* **Exercise**
Every line of the data below should be repeated exactly, and no picture should be copied.

* **Source material**
-=-=-

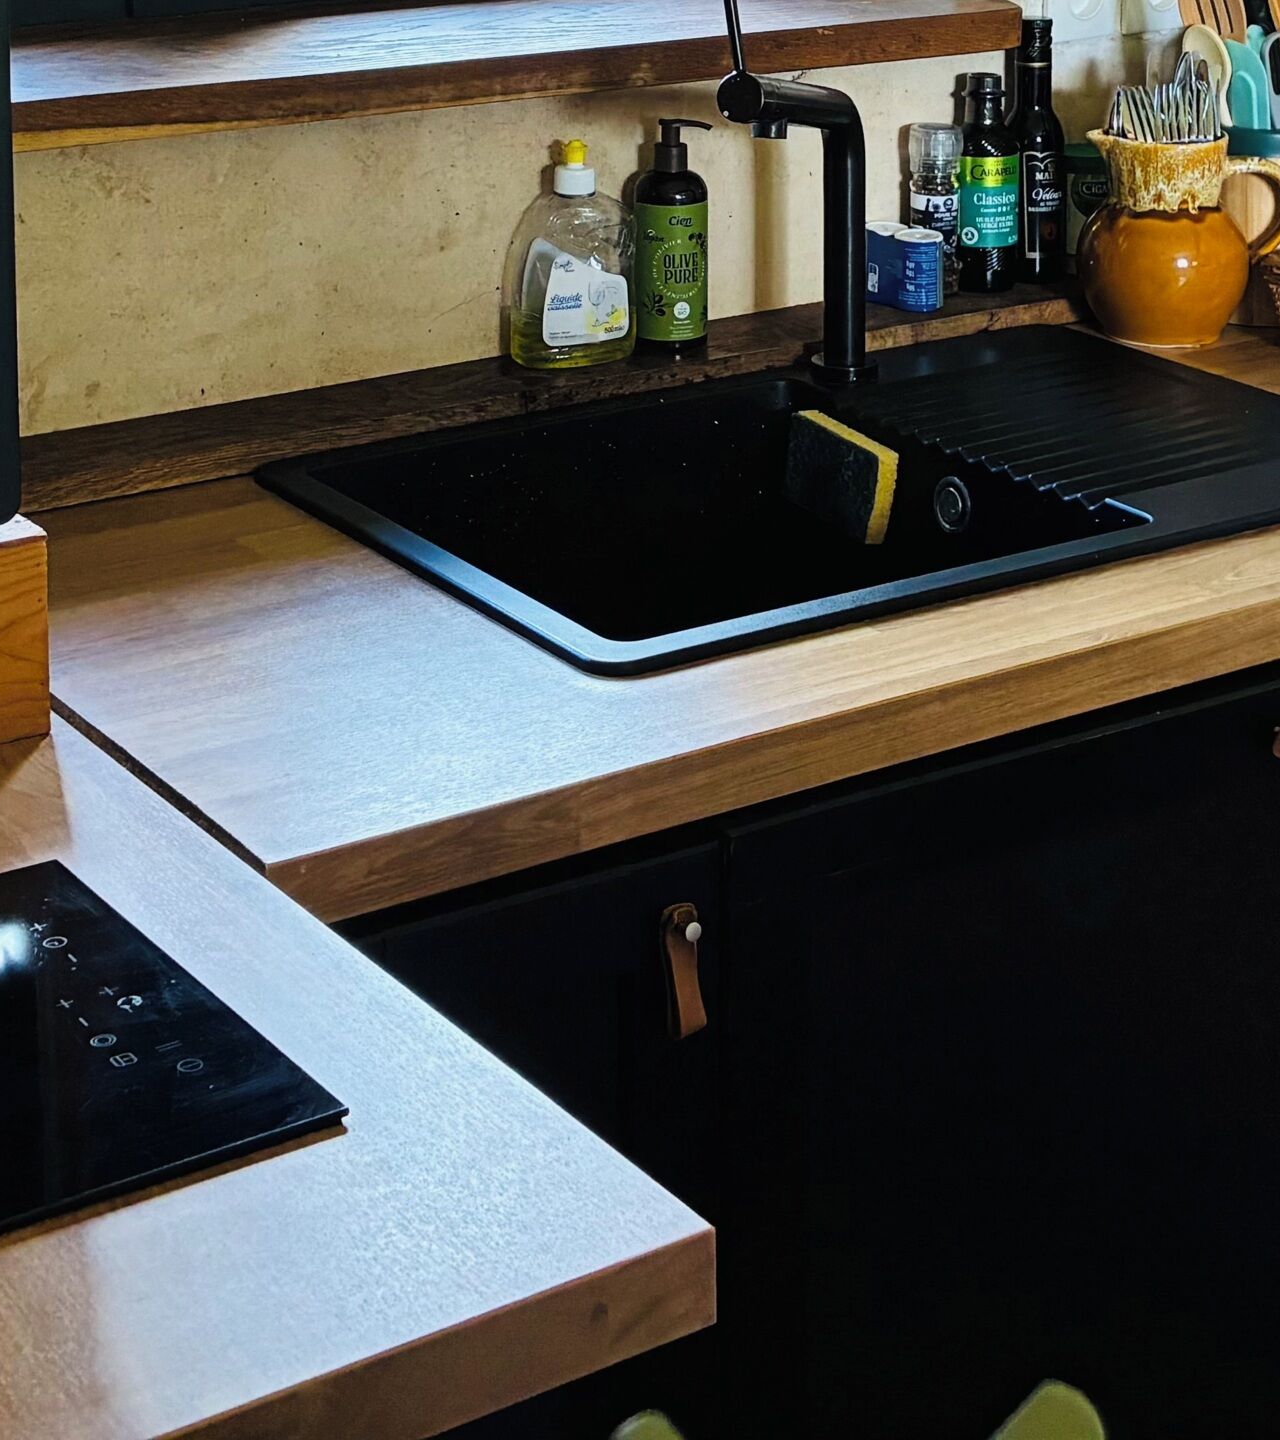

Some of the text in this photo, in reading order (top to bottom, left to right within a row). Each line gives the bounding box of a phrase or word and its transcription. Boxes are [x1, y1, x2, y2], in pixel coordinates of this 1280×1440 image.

[973, 192, 1016, 205] Classico
[668, 216, 693, 227] Cien
[663, 252, 699, 269] OLIVE
[664, 268, 699, 284] PURE
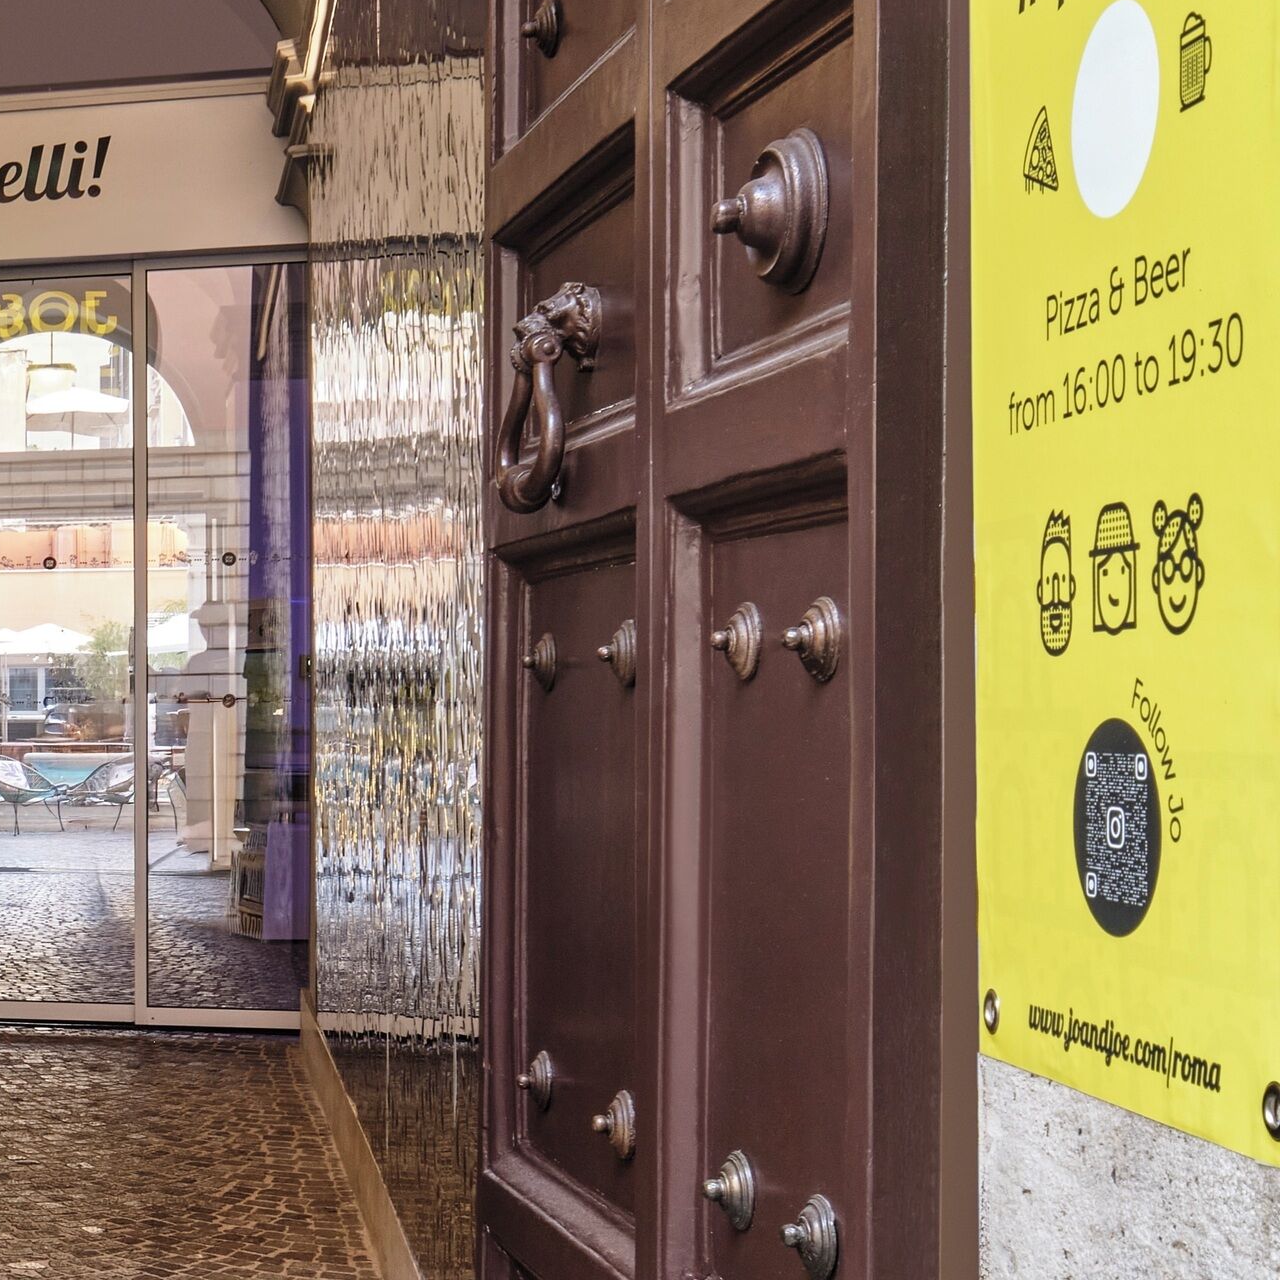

-=-=-

* **Written response**
Some of the text in this photo, in reading order (top to bottom, left to right within a row). Each line gives the bounding box of a phrase or word and its transcription. Boxes are [x1, y1, x2, y2], in pixel coordinates of this 1280×1440 image.

[973, 192, 1016, 205] Classico
[668, 216, 693, 227] Cien
[663, 252, 699, 269] OLIVE
[664, 268, 699, 284] PURE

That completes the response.